## WHAT IS NEEDED
Line by line, repeat the material below exactly and leave the images out.

--- START ---

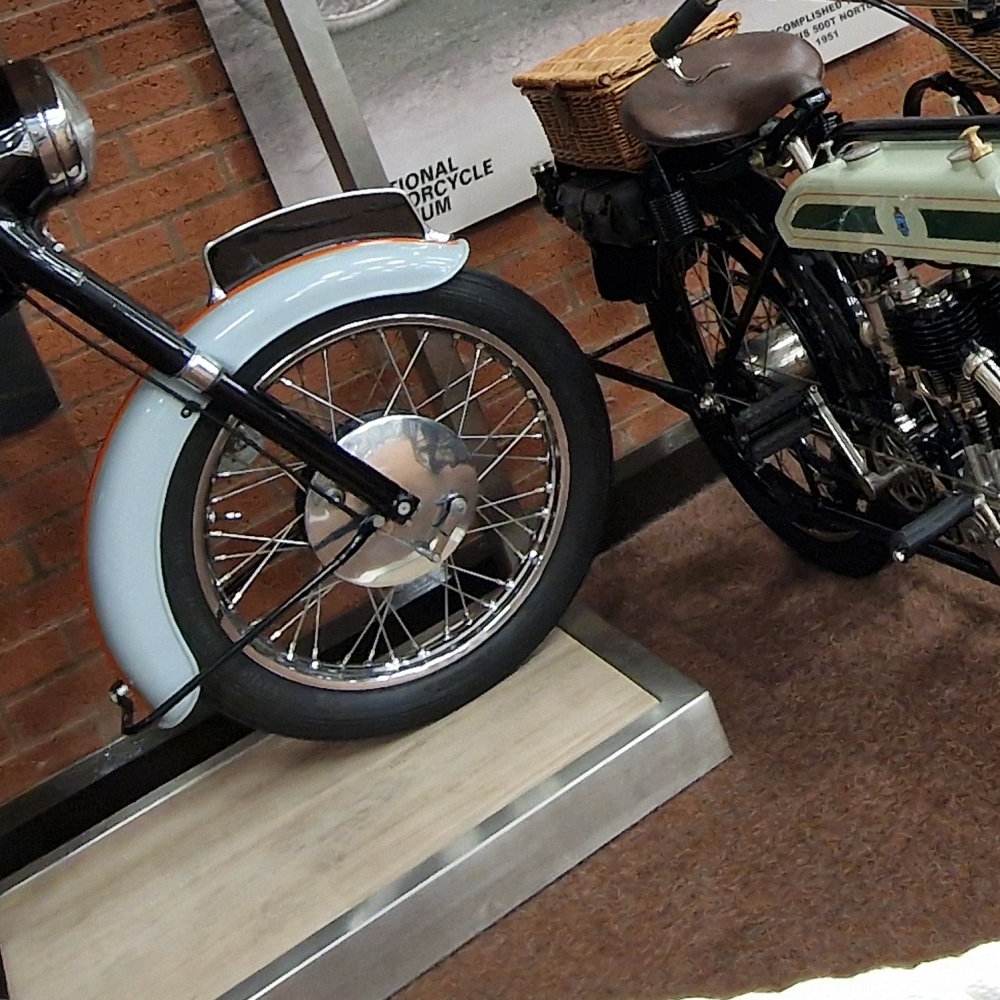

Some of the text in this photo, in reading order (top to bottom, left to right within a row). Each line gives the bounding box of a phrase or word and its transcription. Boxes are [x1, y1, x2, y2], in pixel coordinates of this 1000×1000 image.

[812, 16, 836, 33] 500T
[839, 3, 873, 22] NORTO
[815, 29, 839, 45] 1951
[390, 156, 459, 190] IONAL
[408, 158, 494, 207] ORCYCLE

--- END ---

## YOUR RESPONSE
Some of the text in this photo, in reading order (top to bottom, left to right within a row). Each line gives the bounding box of a phrase or word and its transcription. Boxes are [x1, y1, x2, y2], in pixel coordinates of this 1000×1000 image.

[812, 16, 836, 33] 500T
[839, 3, 873, 22] NORTO
[815, 29, 839, 45] 1951
[390, 156, 459, 190] IONAL
[408, 158, 494, 207] ORCYCLE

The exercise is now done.